Sun | Jul 22, 2018

Editorial | Whoever succeeds Commissioner Williams

Published:Sunday | December 25, 2016 | 12:00 AM

Being Jamaica's police chief is a hard and wearying job.

The commissioner contends not only with a country with one of the world's most intractable crime problems, including a homicide rate of 45 per 100,000, but presides over a constabulary that is widely held to be corrupt and notoriously resistant to reform. At the same time, Jamaican governments have underinvested in citizen safety and security and justice.

It is hardly surprising that in merely over a decade, since 2005, Jamaica will have gone through five police chiefs, once the current commissioner, Carl Williams, leaves on January 6. The nine years served by the first of them, Francis Forbes, will be nearly as many as the other four, combined.

Dr Williams' departure, surprising as it is, provides us with an opportunity to reimagine the police force, including what should be looked for in the new leader and how this thinking should inform the proposed new legislation, promised by the Holness administration for the third quarter of 2017, to govern the constabulary.

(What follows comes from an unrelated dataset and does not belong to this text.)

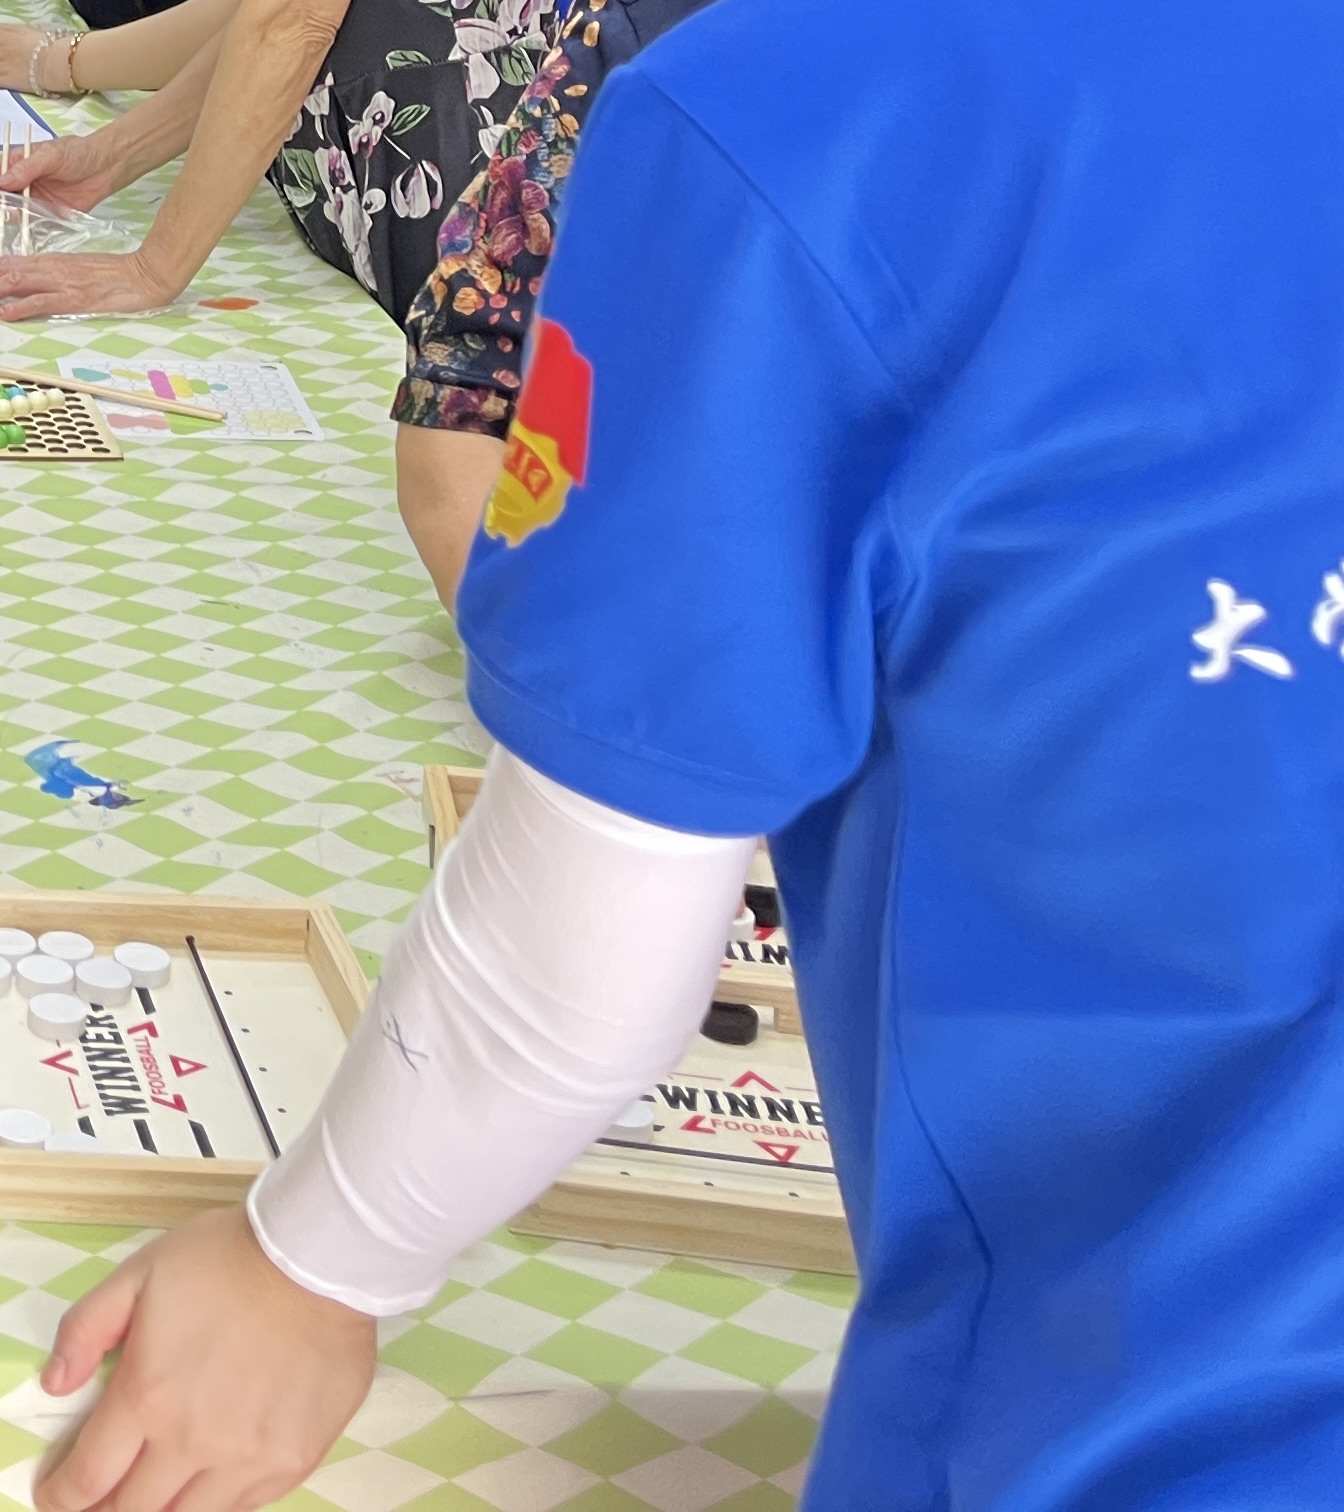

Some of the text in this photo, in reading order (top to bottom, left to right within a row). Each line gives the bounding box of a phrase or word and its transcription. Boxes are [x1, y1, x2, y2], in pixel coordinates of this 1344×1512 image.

[79, 1014, 150, 1117] WINNER
[133, 1036, 168, 1096] FOOSBALL
[657, 1083, 824, 1126] WINNE

First, there is something of Dr Williams' character that is acknowledged and widely admired, including by Jamaica's international partners. He is personally honest - one of the officers who came up through the ranks of the constabulary around whom there is not a whiff of corruption.

Indeed, not only did he lead with distinction in the police's counternarcotics division, an area highly susceptible to be corrupted by narco-traffickers, but was hailed for his efforts, working with foreign agencies, in removing Jamaica as a leading trans-shipment port for drugs heading from South America to Europe.

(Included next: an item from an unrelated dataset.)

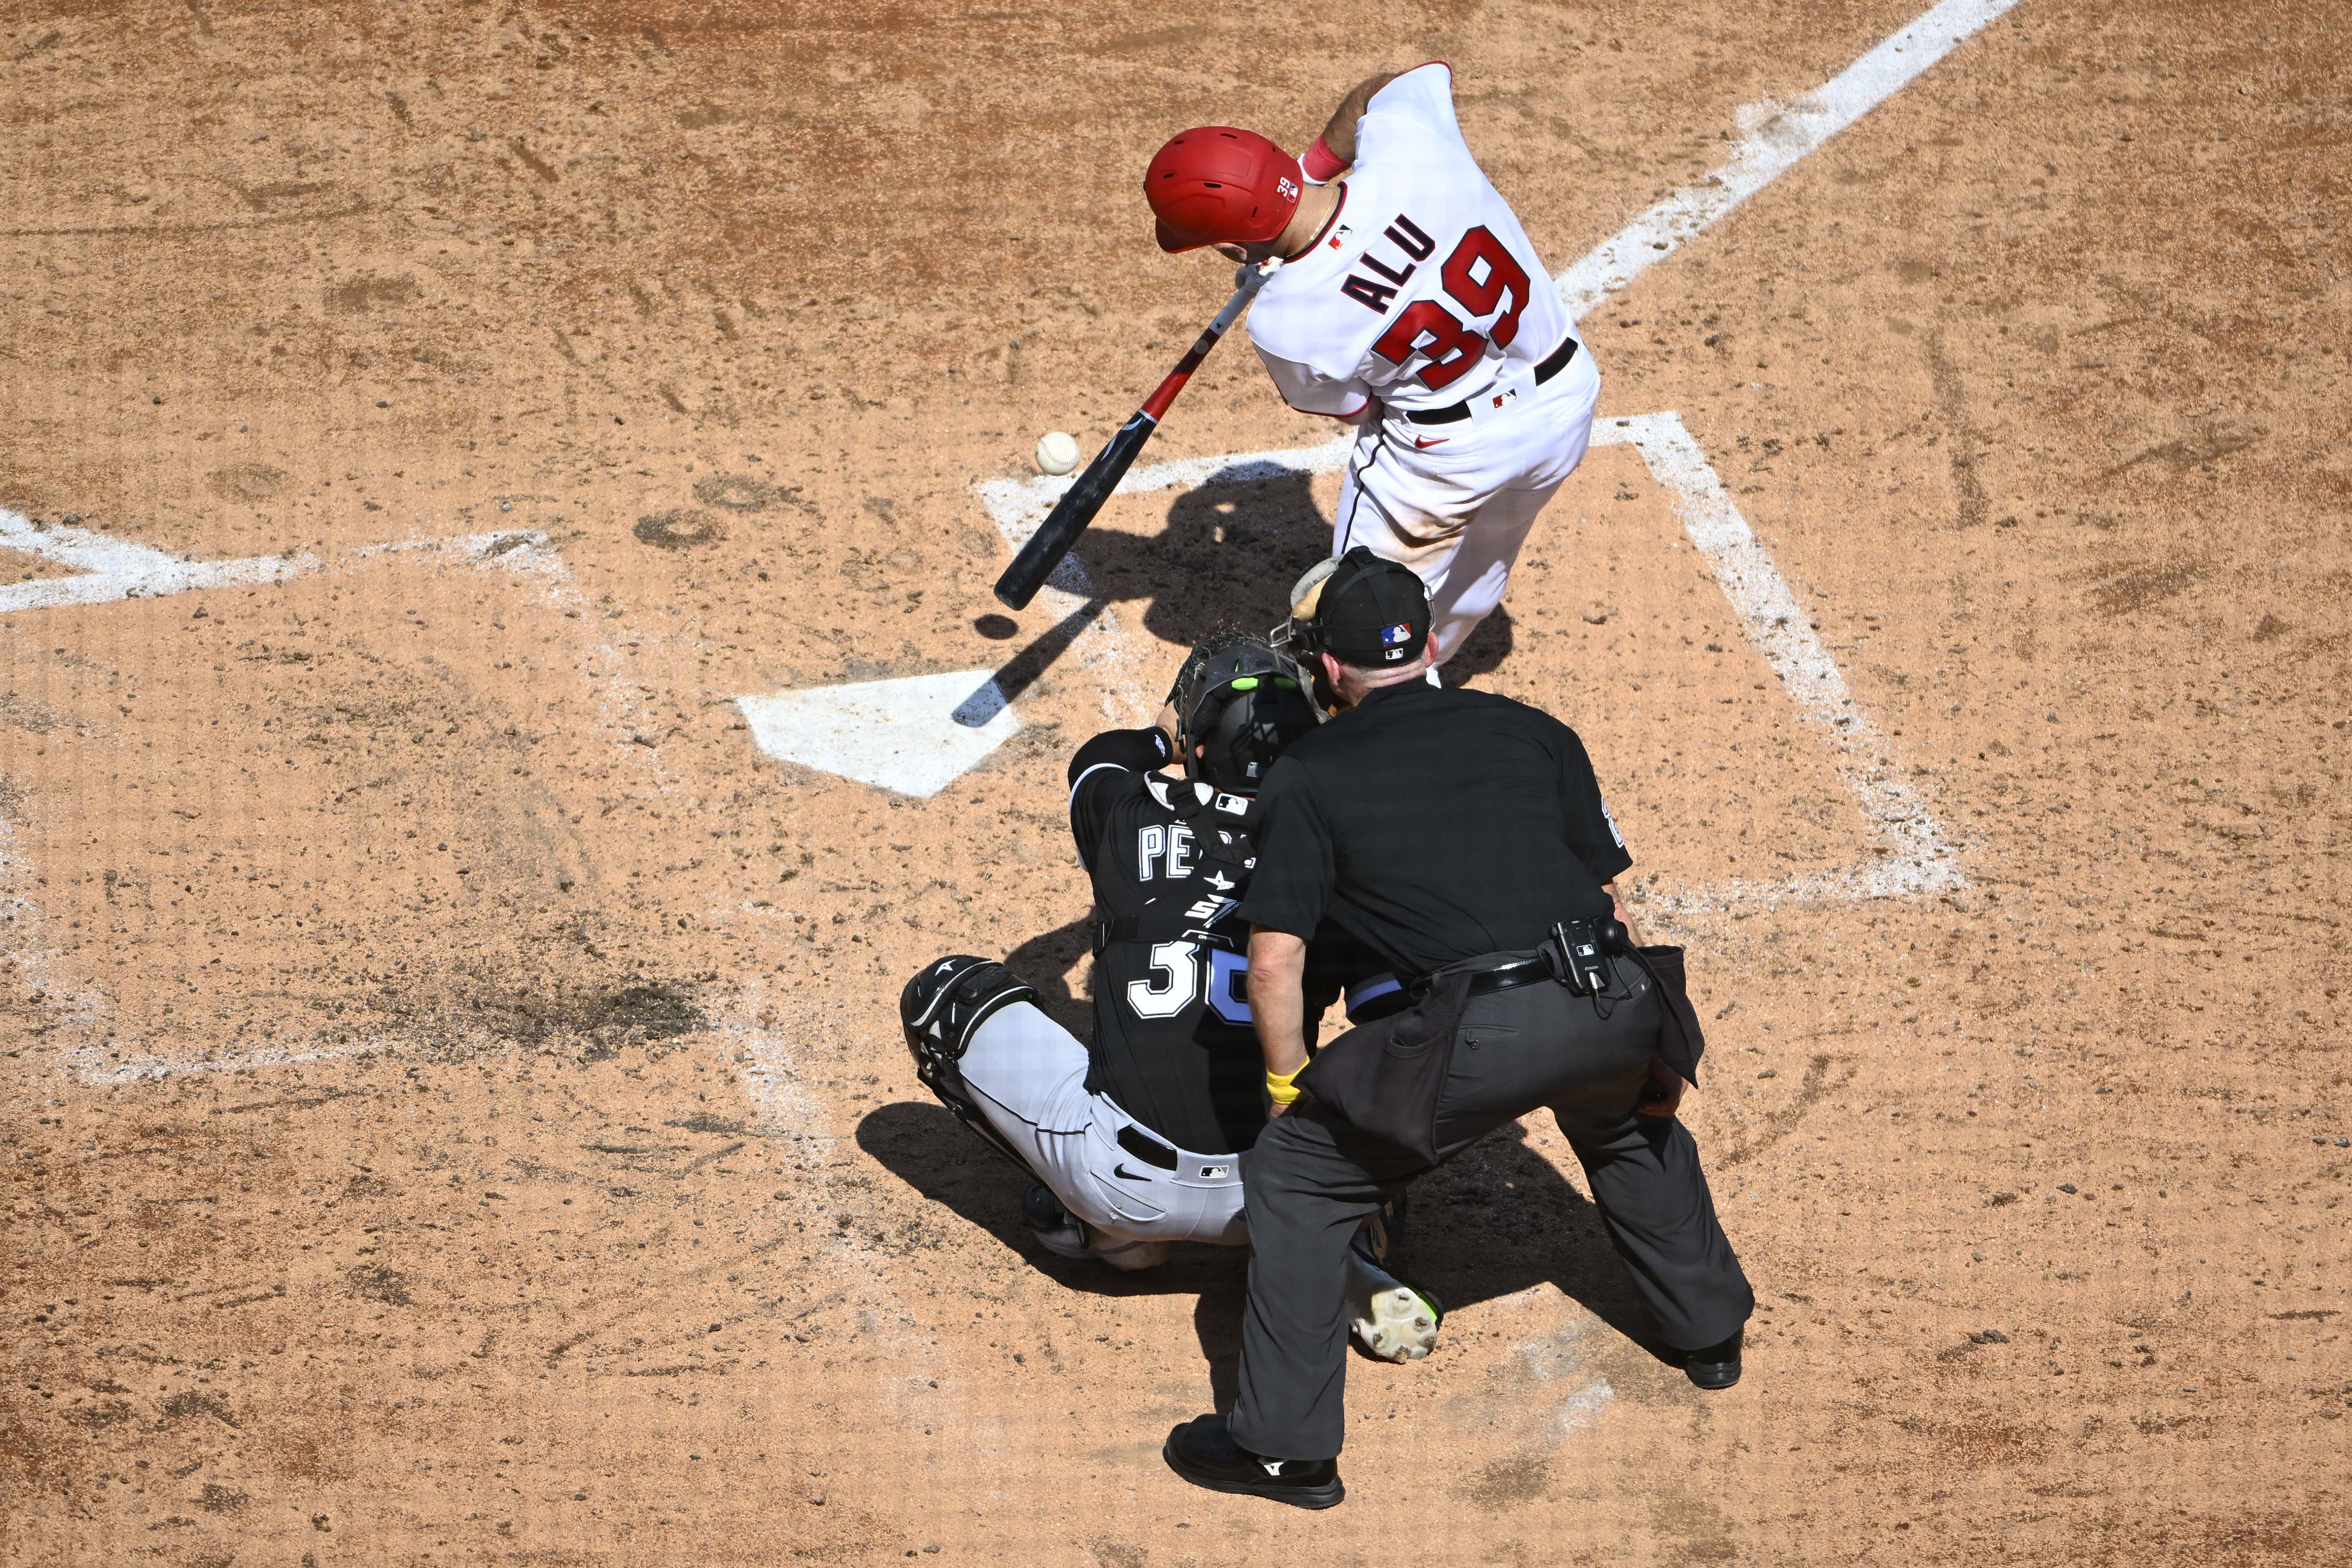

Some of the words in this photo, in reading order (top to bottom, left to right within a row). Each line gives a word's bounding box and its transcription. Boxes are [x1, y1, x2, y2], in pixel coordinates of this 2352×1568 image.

Commissioner Williams came to the top job in 2014 with Jamaica still basking in the gains from the 2010 security operation in west Kingston to rout the militia of confessed gangster and politically aligned strongman Christopher Coke. Over a three-year period, homicides declined by a third to just under 1,000.

But in 2014, murders increased by 20 per cent, to around 1,200 - far off the target of 320 a year by 2017, which the then security minister, Peter Bunting, had set two years earlier. Murders will be up another five per cent this year. Increasingly, these killings are taking place in Jamaica's western parishes, the bases for gangs that swindle mostly elderly Americans of hundreds of millions of dollars with claims they have won sweepstakes or lotteries, for which they had to pay fees and taxes in order to collect their winnings.




Domestic disputes, too, contribute to the rise in homicide numbers. In most societies, and Jamaica is no exception, murders, especially when they are high and rising, weigh heavily on people's perception of crime, even if, as the Jamaican constabulary says is the case, non-violent crime is actually declining.

While he made incremental institutional gains, Dr Williams, unfortunately, was unable to convince Jamaicans that he had a bankable plan to arrest the homicide problem. Nor was he able to articulate a programme for reform that excites Jamaicans in its promise of an uncorrupt and efficient police force, as well as resolves the tensions between those in the society who argue that crime is best solved by modern investigative techniques and those who insist that hardened criminals can only be defeated by tough, street-fighting methods.

This is something to be borne in mind by whoever succeeds Dr Williams.